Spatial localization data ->
· · · · ·

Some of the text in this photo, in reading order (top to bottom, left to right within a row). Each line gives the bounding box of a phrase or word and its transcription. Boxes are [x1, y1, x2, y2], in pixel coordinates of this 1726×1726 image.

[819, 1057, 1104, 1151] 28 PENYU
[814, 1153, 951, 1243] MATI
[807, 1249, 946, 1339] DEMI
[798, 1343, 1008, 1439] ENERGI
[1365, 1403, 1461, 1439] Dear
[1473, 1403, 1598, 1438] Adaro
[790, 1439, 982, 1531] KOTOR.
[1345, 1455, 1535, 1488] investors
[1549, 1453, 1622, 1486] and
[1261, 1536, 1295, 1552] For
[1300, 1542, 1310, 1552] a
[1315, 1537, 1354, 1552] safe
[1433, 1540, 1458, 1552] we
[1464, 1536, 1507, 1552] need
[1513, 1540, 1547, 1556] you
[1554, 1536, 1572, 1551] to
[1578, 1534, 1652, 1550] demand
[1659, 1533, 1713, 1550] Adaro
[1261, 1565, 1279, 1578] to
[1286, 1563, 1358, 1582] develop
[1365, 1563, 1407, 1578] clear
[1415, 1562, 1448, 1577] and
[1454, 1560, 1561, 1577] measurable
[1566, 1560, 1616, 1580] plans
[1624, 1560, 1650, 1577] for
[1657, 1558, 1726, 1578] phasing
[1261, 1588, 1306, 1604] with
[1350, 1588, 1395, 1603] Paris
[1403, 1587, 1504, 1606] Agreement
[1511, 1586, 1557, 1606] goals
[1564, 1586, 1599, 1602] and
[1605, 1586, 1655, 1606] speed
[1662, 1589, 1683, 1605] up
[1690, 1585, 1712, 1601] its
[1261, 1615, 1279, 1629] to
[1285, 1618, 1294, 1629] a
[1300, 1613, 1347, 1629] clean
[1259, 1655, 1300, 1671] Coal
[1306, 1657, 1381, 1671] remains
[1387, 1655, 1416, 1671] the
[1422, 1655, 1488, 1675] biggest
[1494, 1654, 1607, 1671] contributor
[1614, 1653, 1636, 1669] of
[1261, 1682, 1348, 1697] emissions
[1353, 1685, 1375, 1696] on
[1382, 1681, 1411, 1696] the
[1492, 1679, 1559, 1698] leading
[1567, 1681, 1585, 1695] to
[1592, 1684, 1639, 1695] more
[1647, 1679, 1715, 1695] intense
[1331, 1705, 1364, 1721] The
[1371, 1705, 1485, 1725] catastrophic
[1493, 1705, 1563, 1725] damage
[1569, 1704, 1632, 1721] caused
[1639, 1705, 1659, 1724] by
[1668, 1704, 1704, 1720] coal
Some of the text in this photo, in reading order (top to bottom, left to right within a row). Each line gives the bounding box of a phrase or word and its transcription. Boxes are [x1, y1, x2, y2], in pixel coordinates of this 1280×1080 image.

· · · · ·

TASK ->
Retype every entry exactly.

WORKED SOLUTION ->
Some of the text in this photo, in reading order (top to bottom, left to right within a row). Each line gives the bounding box of a phrase or word and its transcription. Boxes are [x1, y1, x2, y2], in pixel coordinates of this 1726×1726 image.

[819, 1057, 1104, 1151] 28 PENYU
[814, 1153, 951, 1243] MATI
[807, 1249, 946, 1339] DEMI
[798, 1343, 1008, 1439] ENERGI
[1365, 1403, 1461, 1439] Dear
[1473, 1403, 1598, 1438] Adaro
[790, 1439, 982, 1531] KOTOR.
[1345, 1455, 1535, 1488] investors
[1549, 1453, 1622, 1486] and
[1261, 1536, 1295, 1552] For
[1300, 1542, 1310, 1552] a
[1315, 1537, 1354, 1552] safe
[1433, 1540, 1458, 1552] we
[1464, 1536, 1507, 1552] need
[1513, 1540, 1547, 1556] you
[1554, 1536, 1572, 1551] to
[1578, 1534, 1652, 1550] demand
[1659, 1533, 1713, 1550] Adaro
[1261, 1565, 1279, 1578] to
[1286, 1563, 1358, 1582] develop
[1365, 1563, 1407, 1578] clear
[1415, 1562, 1448, 1577] and
[1454, 1560, 1561, 1577] measurable
[1566, 1560, 1616, 1580] plans
[1624, 1560, 1650, 1577] for
[1657, 1558, 1726, 1578] phasing
[1261, 1588, 1306, 1604] with
[1350, 1588, 1395, 1603] Paris
[1403, 1587, 1504, 1606] Agreement
[1511, 1586, 1557, 1606] goals
[1564, 1586, 1599, 1602] and
[1605, 1586, 1655, 1606] speed
[1662, 1589, 1683, 1605] up
[1690, 1585, 1712, 1601] its
[1261, 1615, 1279, 1629] to
[1285, 1618, 1294, 1629] a
[1300, 1613, 1347, 1629] clean
[1259, 1655, 1300, 1671] Coal
[1306, 1657, 1381, 1671] remains
[1387, 1655, 1416, 1671] the
[1422, 1655, 1488, 1675] biggest
[1494, 1654, 1607, 1671] contributor
[1614, 1653, 1636, 1669] of
[1261, 1682, 1348, 1697] emissions
[1353, 1685, 1375, 1696] on
[1382, 1681, 1411, 1696] the
[1492, 1679, 1559, 1698] leading
[1567, 1681, 1585, 1695] to
[1592, 1684, 1639, 1695] more
[1647, 1679, 1715, 1695] intense
[1331, 1705, 1364, 1721] The
[1371, 1705, 1485, 1725] catastrophic
[1493, 1705, 1563, 1725] damage
[1569, 1704, 1632, 1721] caused
[1639, 1705, 1659, 1724] by
[1668, 1704, 1704, 1720] coal
Some of the text in this photo, in reading order (top to bottom, left to right within a row). Each line gives the bounding box of a phrase or word and its transcription. Boxes are [x1, y1, x2, y2], in pixel coordinates of this 1280×1080 image.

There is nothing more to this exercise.